▶ [What to produce]: Please repeat the entries below exactly as written, leaving out any images.

▶ [Input data]:
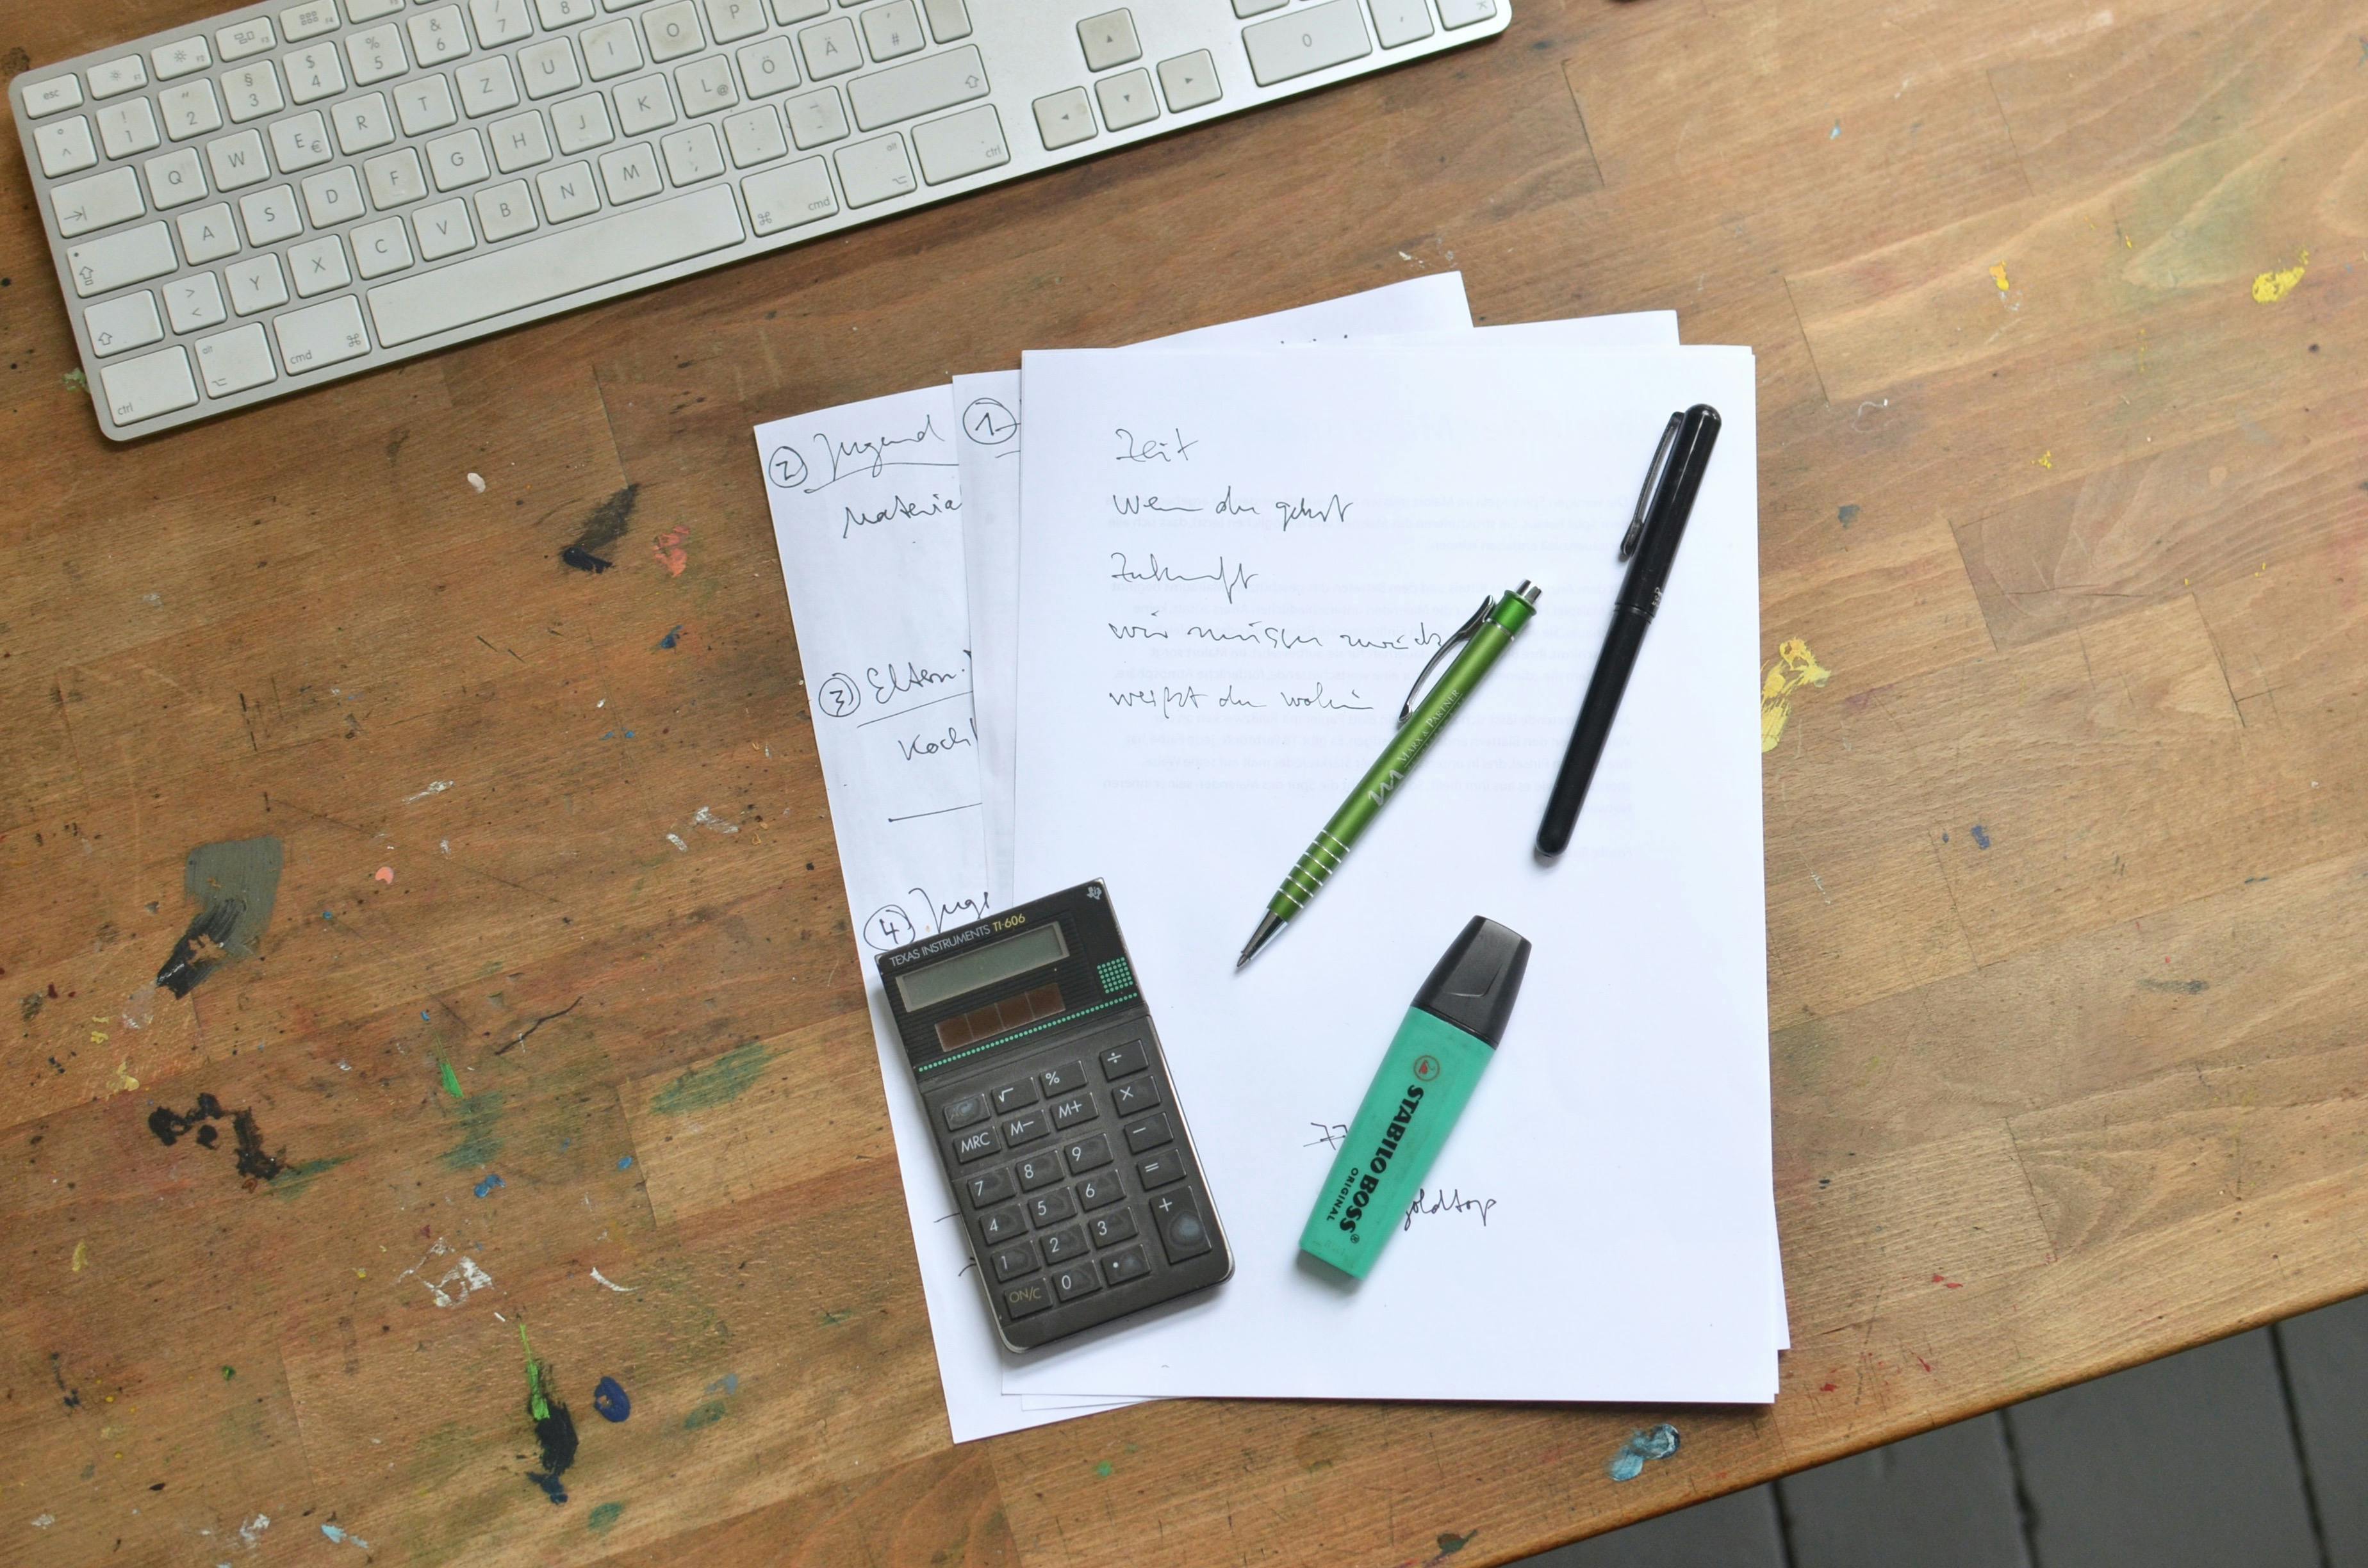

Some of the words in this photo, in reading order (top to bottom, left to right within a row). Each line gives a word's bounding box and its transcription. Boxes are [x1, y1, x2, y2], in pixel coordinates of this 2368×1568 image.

[561, 1, 570, 14] 8
[729, 4, 739, 19] P
[430, 19, 441, 31] &
[497, 19, 506, 33] 7
[666, 23, 680, 37] O
[365, 37, 380, 49] %
[437, 38, 445, 51] 6
[1303, 33, 1312, 47] 0
[825, 39, 838, 56] Ä
[306, 55, 315, 69] $
[375, 56, 383, 69] 5
[541, 60, 554, 74] U
[761, 56, 775, 74] Ö
[311, 75, 320, 87] 4
[481, 78, 492, 94] Z
[702, 79, 712, 93] L
[44, 88, 59, 100] esc
[717, 84, 728, 96] @
[249, 94, 259, 106] 3
[418, 97, 427, 111] T
[638, 96, 651, 111] K
[186, 111, 197, 125] 2
[356, 115, 367, 129] R
[579, 115, 586, 129] J
[126, 130, 133, 142] 1
[294, 134, 304, 148] E
[513, 133, 526, 148] H
[311, 140, 322, 152] €
[886, 142, 897, 152] alt
[985, 145, 1001, 158] ctrl
[228, 152, 245, 167] W
[451, 152, 464, 167] G
[169, 170, 183, 184] Q
[390, 171, 399, 185] F
[623, 165, 639, 181] M
[326, 190, 338, 204] D
[561, 183, 574, 199] N
[500, 203, 511, 217] B
[808, 197, 830, 211] cmd
[264, 208, 275, 222] S
[202, 226, 215, 240] A
[436, 220, 448, 235] V
[375, 239, 387, 253] C
[312, 257, 326, 273] X
[249, 276, 261, 291] Y
[202, 345, 213, 354] alt
[290, 350, 313, 364] cmd
[117, 402, 134, 416] ctrl
[1425, 689, 1460, 728] PARTNER
[889, 949, 921, 967] TEXAS
[922, 924, 991, 956] INSTRUMENTS
[992, 913, 1026, 932] TI-606
[1046, 1072, 1060, 1085] %
[1059, 1100, 1081, 1118] M+
[1369, 1084, 1424, 1174] STABILO
[961, 1132, 990, 1153] MRC
[1072, 1147, 1081, 1161] 9
[1024, 1164, 1033, 1179] 8
[974, 1180, 983, 1196] 7
[1085, 1184, 1095, 1198] 6
[1326, 1167, 1360, 1221] ORIGINAL
[1037, 1201, 1046, 1215] 5
[1339, 1173, 1379, 1234] BOSS
[990, 1219, 998, 1232] 4
[1098, 1221, 1107, 1235] 3
[1049, 1237, 1060, 1252] 2
[1001, 1256, 1008, 1270] 1
[1062, 1275, 1072, 1289] 0
[1009, 1287, 1041, 1303] ON/C
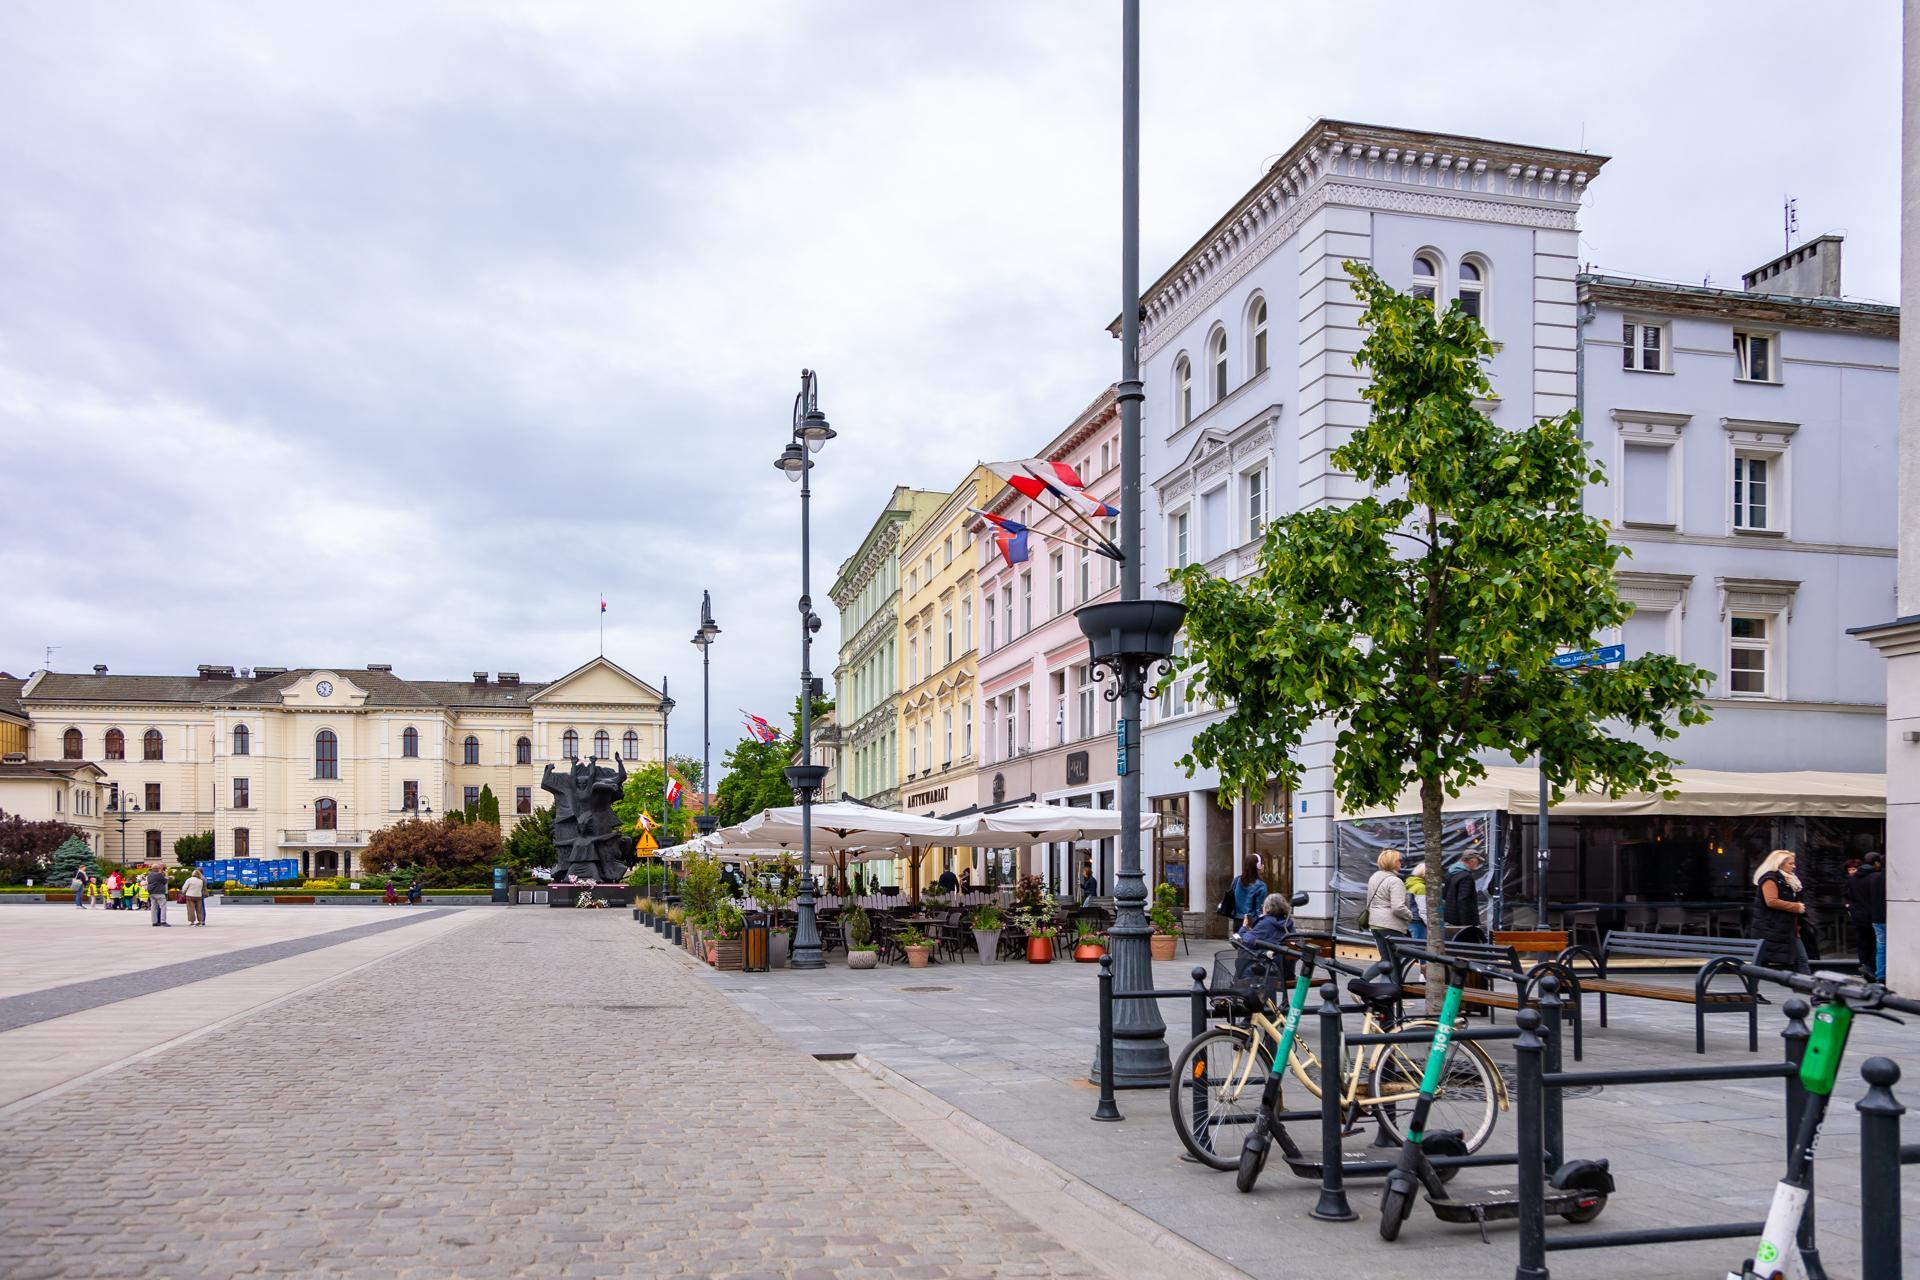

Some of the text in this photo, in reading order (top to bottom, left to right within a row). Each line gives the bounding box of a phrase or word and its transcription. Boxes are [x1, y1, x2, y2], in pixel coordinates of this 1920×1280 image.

[907, 786, 949, 808] ANTYKWARIAT
[1287, 1007, 1300, 1032] Bolt
[1434, 1023, 1451, 1052] Bolt

▶ [Task result]:
Some of the words in this photo, in reading order (top to bottom, left to right within a row). Each line gives a word's bounding box and its transcription. Boxes are [x1, y1, x2, y2], in pixel coordinates of this 2368×1568 image.

[561, 1, 570, 14] 8
[729, 4, 739, 19] P
[430, 19, 441, 31] &
[497, 19, 506, 33] 7
[666, 23, 680, 37] O
[365, 37, 380, 49] %
[437, 38, 445, 51] 6
[1303, 33, 1312, 47] 0
[825, 39, 838, 56] Ä
[306, 55, 315, 69] $
[375, 56, 383, 69] 5
[541, 60, 554, 74] U
[761, 56, 775, 74] Ö
[311, 75, 320, 87] 4
[481, 78, 492, 94] Z
[702, 79, 712, 93] L
[44, 88, 59, 100] esc
[717, 84, 728, 96] @
[249, 94, 259, 106] 3
[418, 97, 427, 111] T
[638, 96, 651, 111] K
[186, 111, 197, 125] 2
[356, 115, 367, 129] R
[579, 115, 586, 129] J
[126, 130, 133, 142] 1
[294, 134, 304, 148] E
[513, 133, 526, 148] H
[311, 140, 322, 152] €
[886, 142, 897, 152] alt
[985, 145, 1001, 158] ctrl
[228, 152, 245, 167] W
[451, 152, 464, 167] G
[169, 170, 183, 184] Q
[390, 171, 399, 185] F
[623, 165, 639, 181] M
[326, 190, 338, 204] D
[561, 183, 574, 199] N
[500, 203, 511, 217] B
[808, 197, 830, 211] cmd
[264, 208, 275, 222] S
[202, 226, 215, 240] A
[436, 220, 448, 235] V
[375, 239, 387, 253] C
[312, 257, 326, 273] X
[249, 276, 261, 291] Y
[202, 345, 213, 354] alt
[290, 350, 313, 364] cmd
[117, 402, 134, 416] ctrl
[1425, 689, 1460, 728] PARTNER
[889, 949, 921, 967] TEXAS
[922, 924, 991, 956] INSTRUMENTS
[992, 913, 1026, 932] TI-606
[1046, 1072, 1060, 1085] %
[1059, 1100, 1081, 1118] M+
[1369, 1084, 1424, 1174] STABILO
[961, 1132, 990, 1153] MRC
[1072, 1147, 1081, 1161] 9
[1024, 1164, 1033, 1179] 8
[974, 1180, 983, 1196] 7
[1085, 1184, 1095, 1198] 6
[1326, 1167, 1360, 1221] ORIGINAL
[1037, 1201, 1046, 1215] 5
[1339, 1173, 1379, 1234] BOSS
[990, 1219, 998, 1232] 4
[1098, 1221, 1107, 1235] 3
[1049, 1237, 1060, 1252] 2
[1001, 1256, 1008, 1270] 1
[1062, 1275, 1072, 1289] 0
[1009, 1287, 1041, 1303] ON/C

Some of the text in this photo, in reading order (top to bottom, left to right within a row). Each line gives the bounding box of a phrase or word and its transcription. Boxes are [x1, y1, x2, y2], in pixel coordinates of this 1920×1280 image.

[907, 786, 949, 808] ANTYKWARIAT
[1287, 1007, 1300, 1032] Bolt
[1434, 1023, 1451, 1052] Bolt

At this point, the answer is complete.